**** Records for processing

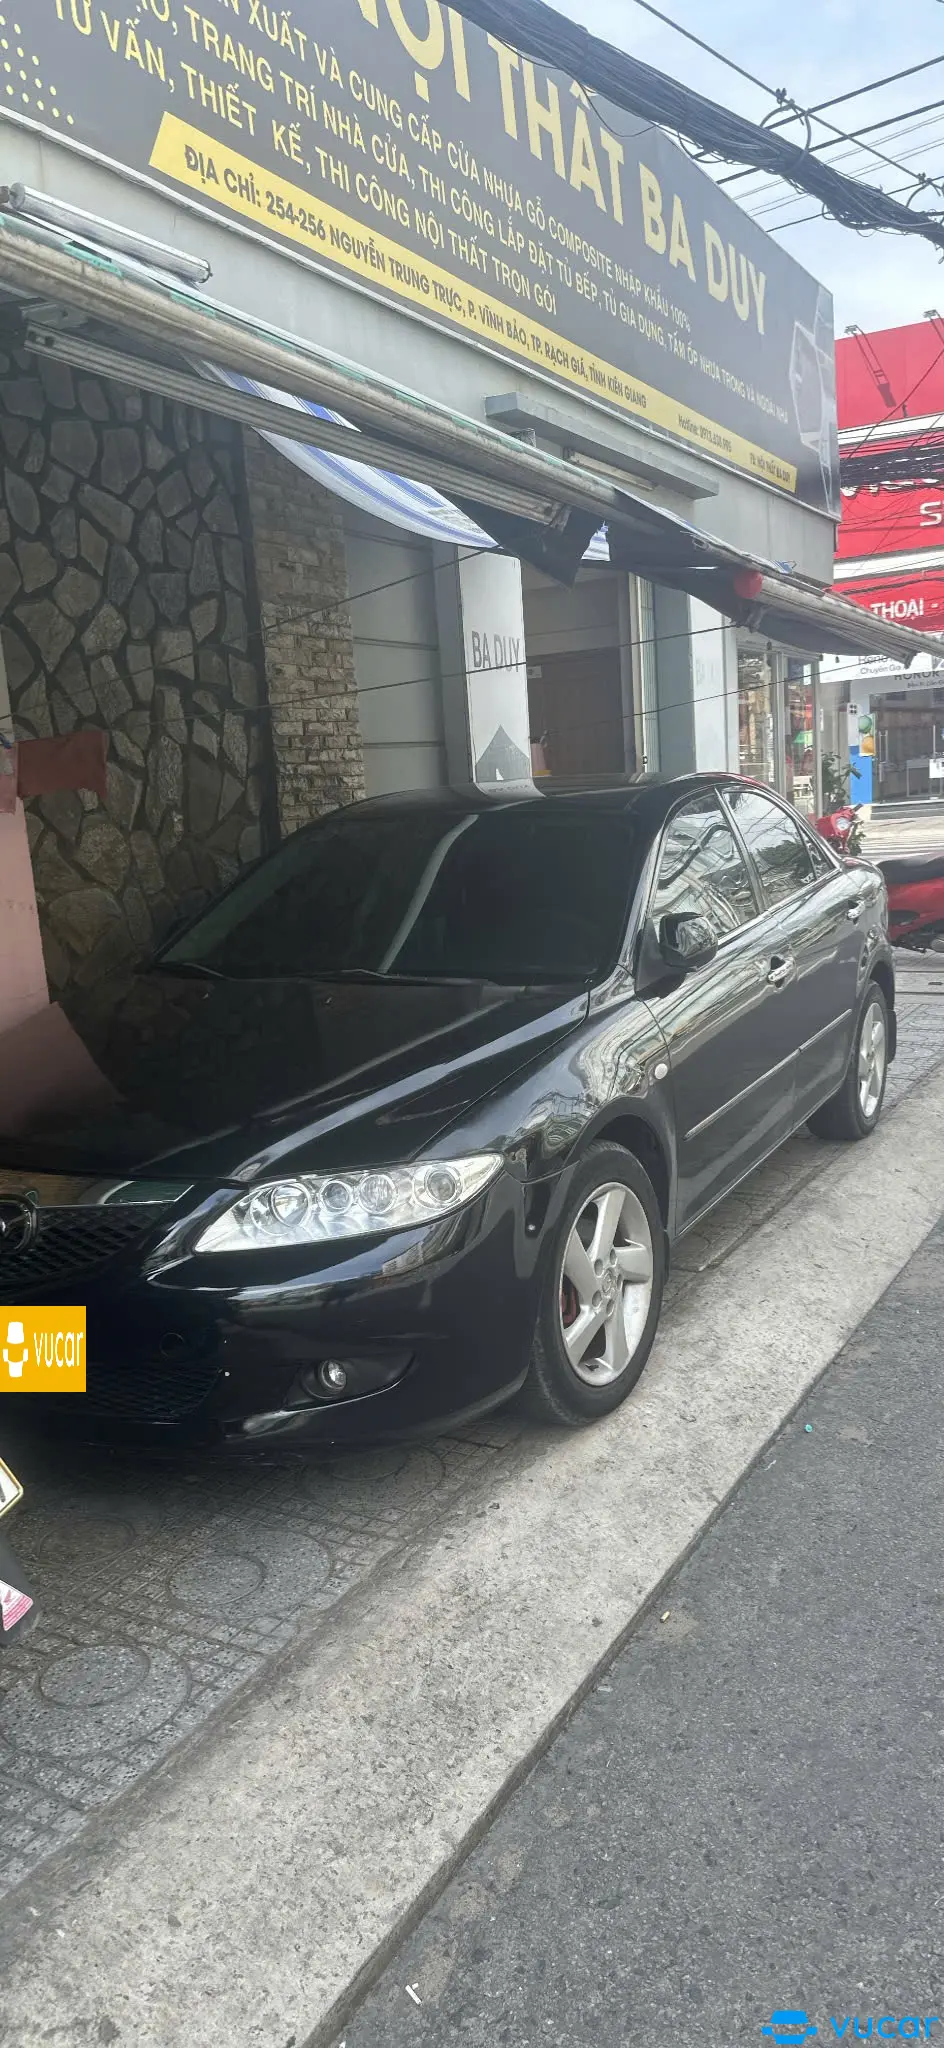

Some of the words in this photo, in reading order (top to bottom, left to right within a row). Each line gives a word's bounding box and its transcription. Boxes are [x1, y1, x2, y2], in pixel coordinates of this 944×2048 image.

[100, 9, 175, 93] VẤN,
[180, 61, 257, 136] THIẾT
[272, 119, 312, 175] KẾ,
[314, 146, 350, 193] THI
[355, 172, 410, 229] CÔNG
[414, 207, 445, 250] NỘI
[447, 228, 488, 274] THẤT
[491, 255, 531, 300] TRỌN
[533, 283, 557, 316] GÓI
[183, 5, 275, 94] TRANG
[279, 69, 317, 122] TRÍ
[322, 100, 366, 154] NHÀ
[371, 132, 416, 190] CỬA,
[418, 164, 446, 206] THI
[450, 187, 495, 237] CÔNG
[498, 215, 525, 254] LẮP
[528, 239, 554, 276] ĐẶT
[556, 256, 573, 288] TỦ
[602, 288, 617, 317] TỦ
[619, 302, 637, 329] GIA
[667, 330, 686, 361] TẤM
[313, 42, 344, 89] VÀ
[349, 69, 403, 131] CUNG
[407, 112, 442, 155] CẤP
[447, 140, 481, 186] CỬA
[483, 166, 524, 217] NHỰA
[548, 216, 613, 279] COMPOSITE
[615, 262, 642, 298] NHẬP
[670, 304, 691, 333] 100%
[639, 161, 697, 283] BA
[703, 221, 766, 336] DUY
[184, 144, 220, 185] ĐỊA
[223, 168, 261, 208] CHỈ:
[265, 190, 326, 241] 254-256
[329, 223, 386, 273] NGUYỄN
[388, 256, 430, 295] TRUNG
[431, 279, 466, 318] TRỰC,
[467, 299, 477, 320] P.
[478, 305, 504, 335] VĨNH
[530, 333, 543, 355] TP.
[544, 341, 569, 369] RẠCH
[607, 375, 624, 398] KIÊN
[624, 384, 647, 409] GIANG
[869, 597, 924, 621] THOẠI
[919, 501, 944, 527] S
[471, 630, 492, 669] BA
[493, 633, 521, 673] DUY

********

**Problem to work on:**
Total the lines of the data that include the word "CÔNG", and give that total as the sole response.

**Answer to the exercise:**
2